--- EXERCISE MATERIALS ---
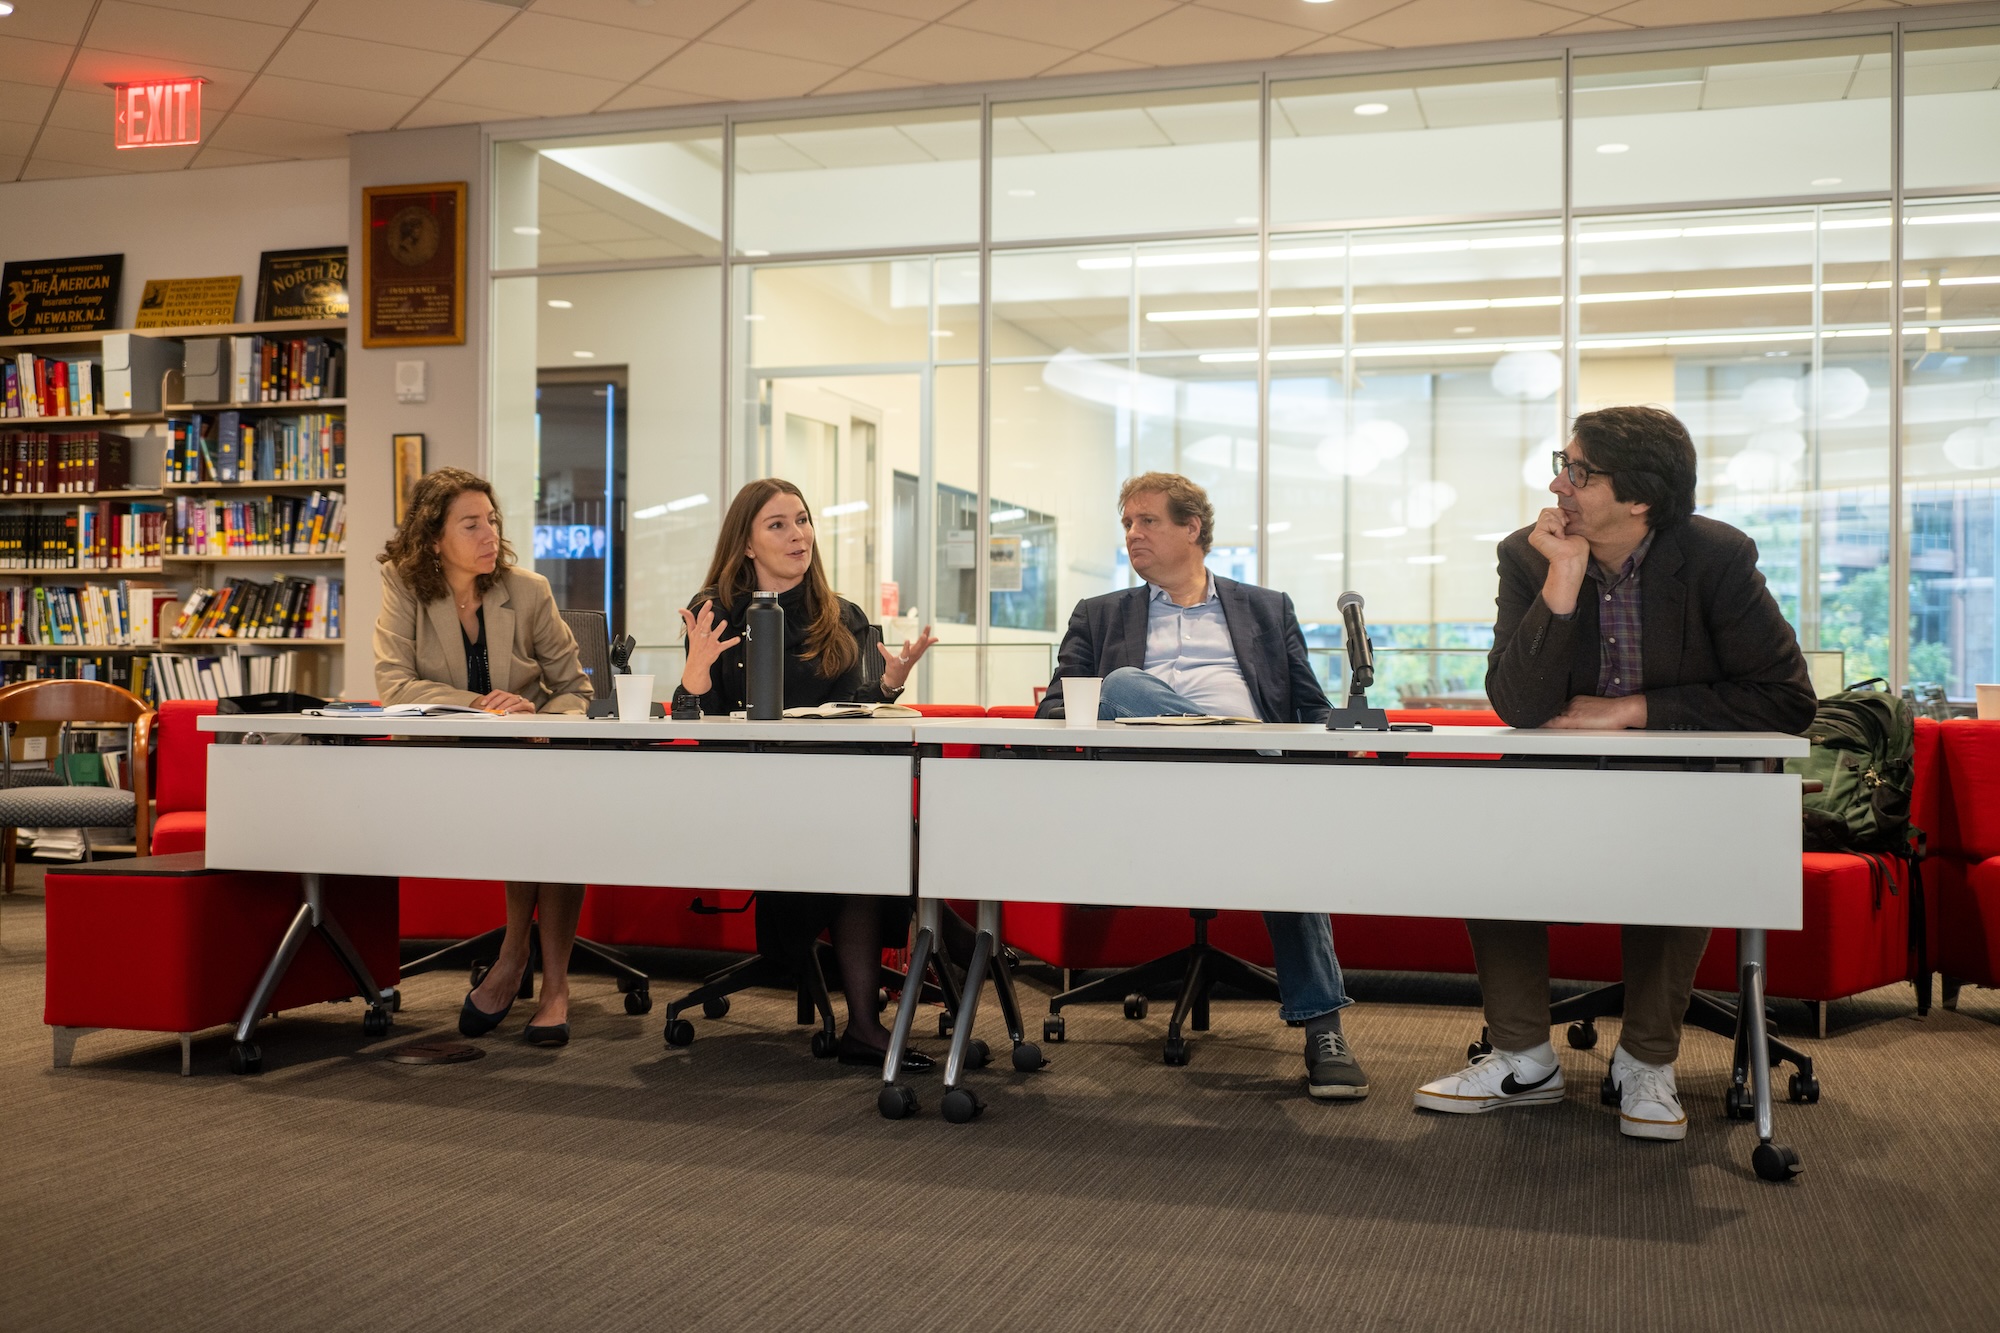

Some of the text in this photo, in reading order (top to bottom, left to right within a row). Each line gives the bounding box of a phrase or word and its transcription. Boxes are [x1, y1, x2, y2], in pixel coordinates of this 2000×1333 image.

[127, 84, 191, 143] EXIT
[68, 264, 104, 272] REPRESENTED
[31, 274, 110, 296] THE AMERICAN
[272, 265, 324, 294] NORTH
[42, 295, 102, 306] Insurance Company
[176, 292, 208, 300] INSURED
[166, 307, 230, 317] HARTFORD
[273, 306, 323, 317] INSURANCE

--- INSTRUCTIONS FOR THE TASK ---
Would you return the material exactly, images excluded?

--- RESULT OF THIS EXERCISE ---
Some of the text in this photo, in reading order (top to bottom, left to right within a row). Each line gives the bounding box of a phrase or word and its transcription. Boxes are [x1, y1, x2, y2], in pixel coordinates of this 2000×1333 image.

[127, 84, 191, 143] EXIT
[68, 264, 104, 272] REPRESENTED
[31, 274, 110, 296] THE AMERICAN
[272, 265, 324, 294] NORTH
[42, 295, 102, 306] Insurance Company
[176, 292, 208, 300] INSURED
[166, 307, 230, 317] HARTFORD
[273, 306, 323, 317] INSURANCE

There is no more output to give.